FlagDefaultFormatBehaviour
--socket-mode0600Octal (e.g. 0660)File mode applied via chmod(2) after bind. Pass 0660 to allow group access.

Layer 2: kernel credential verification

Linux

The observer sets SO_PASSCRED on the socket after binding. Every recvmsg(2) call then receives a SCM_CREDENTIALS ancillary message containing a struct ucred { pid, uid, gid } populated by the kernel. The observer compares ucred.pid against frame.pid from the VLP wire format. If they disagree the frame is silently dropped and varta_frame_auth_failures_total is incremented. The ucred.uid field is implicitly trusted by Layer 1 (--socket-mode 0600 already restricts access to the owning UID), but could be checked as a fail-safe if a permission bypass is ever discovered.

macOS

On macOS, the observer first attempts getsockopt(LOCAL_PEERTOKEN) immediately after each recvmsg(2). LOCAL_PEERTOKEN returns an audit_token_t containing the sender’s PID, UID, GID, and audit information. Because the observer is single-threaded and calls getsockopt immediately after recvmsg, no other datagram can arrive between the two syscalls.

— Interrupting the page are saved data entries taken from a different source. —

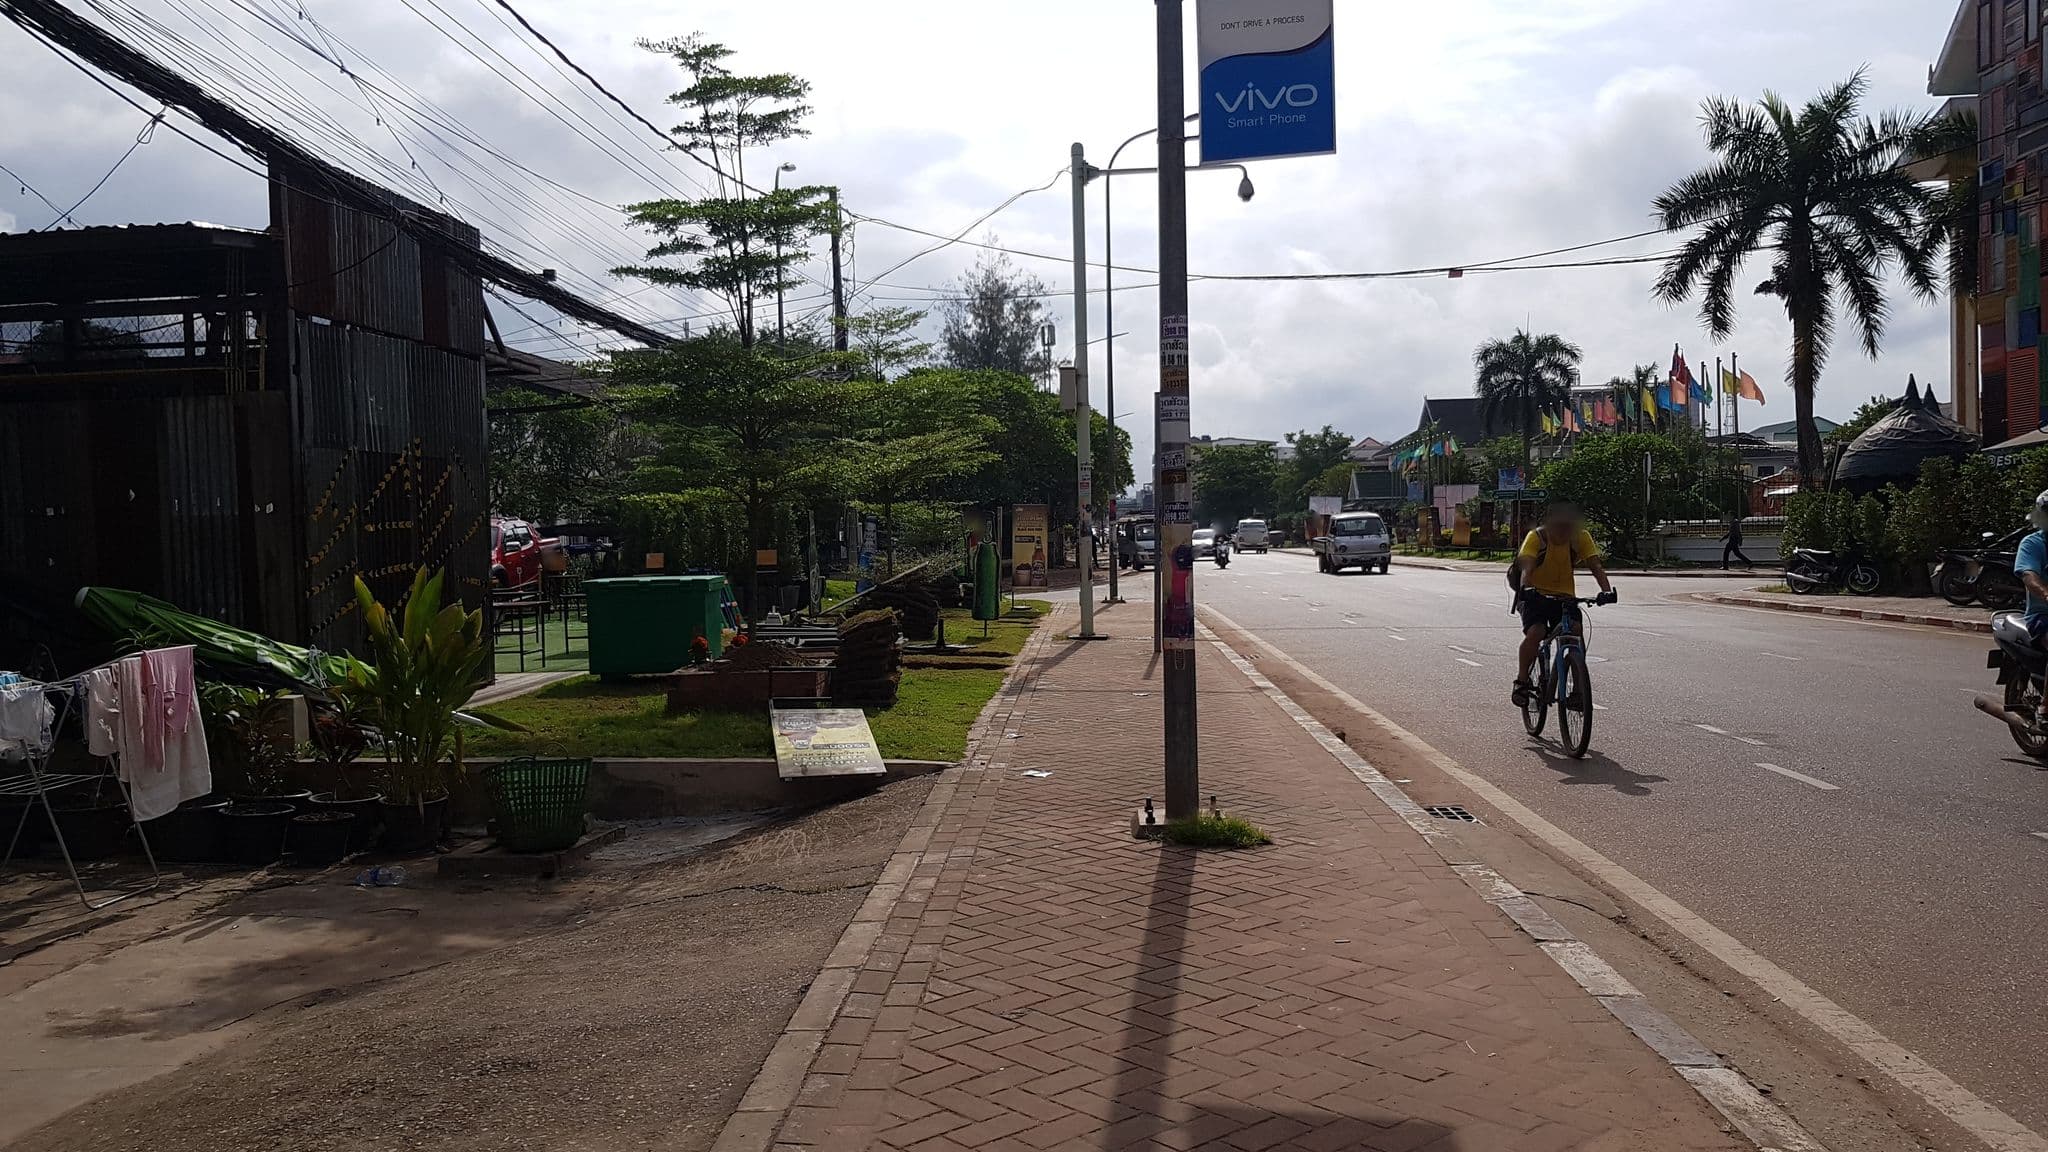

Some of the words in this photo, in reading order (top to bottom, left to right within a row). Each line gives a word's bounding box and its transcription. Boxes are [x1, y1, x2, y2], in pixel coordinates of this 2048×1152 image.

[1220, 21, 1240, 30] DON'T
[1243, 19, 1263, 28] DRIVE
[1273, 15, 1305, 25] PROCESS
[1215, 81, 1318, 113] vivo
[1227, 116, 1264, 129] Smart
[1269, 113, 1306, 126] Phone

When LOCAL_PEERTOKEN succeeds, the observer performs the same PID + UID verification as on Linux. When it fails (e.g. on older macOS versions or unconnected SOCK_DGRAM where the kernel doesn’t expose per-datagram credentials), the observer falls back to two separate getsockopt calls:

  1. LOCAL_PEERPID (0x0002) — returns the peer’s PID directly.
  2. LOCAL_PEERCRED (0x0001) — returns a struct xucred with the peer’s UID in cr_uid.

If the fallback also fails, the observer falls back to the sentinel PID 0 — relying on --socket-mode 0600 as the primary defence.

FreeBSD, DragonFly BSD, NetBSD

On FreeBSD-family platforms, the observer sets LOCAL_CREDS on the socket (value 0x0002 on FreeBSD/DragonFly, 0x0001 on NetBSD). Every recvmsg(2) then receives a SCM_CREDS ancillary message containing a struct cmsgcred { cmcred_pid, cmcred_uid, cmcred_euid, cmcred_gid, ... } populated by the kernel. The observer extracts cmcred_pid and cmcred_euid and performs the same PID + UID verification as on Linux.

The ancillary buffer is sized at 256 bytes — sufficient for the 84-byte cmsgcred with generous headroom for future kernel extensions.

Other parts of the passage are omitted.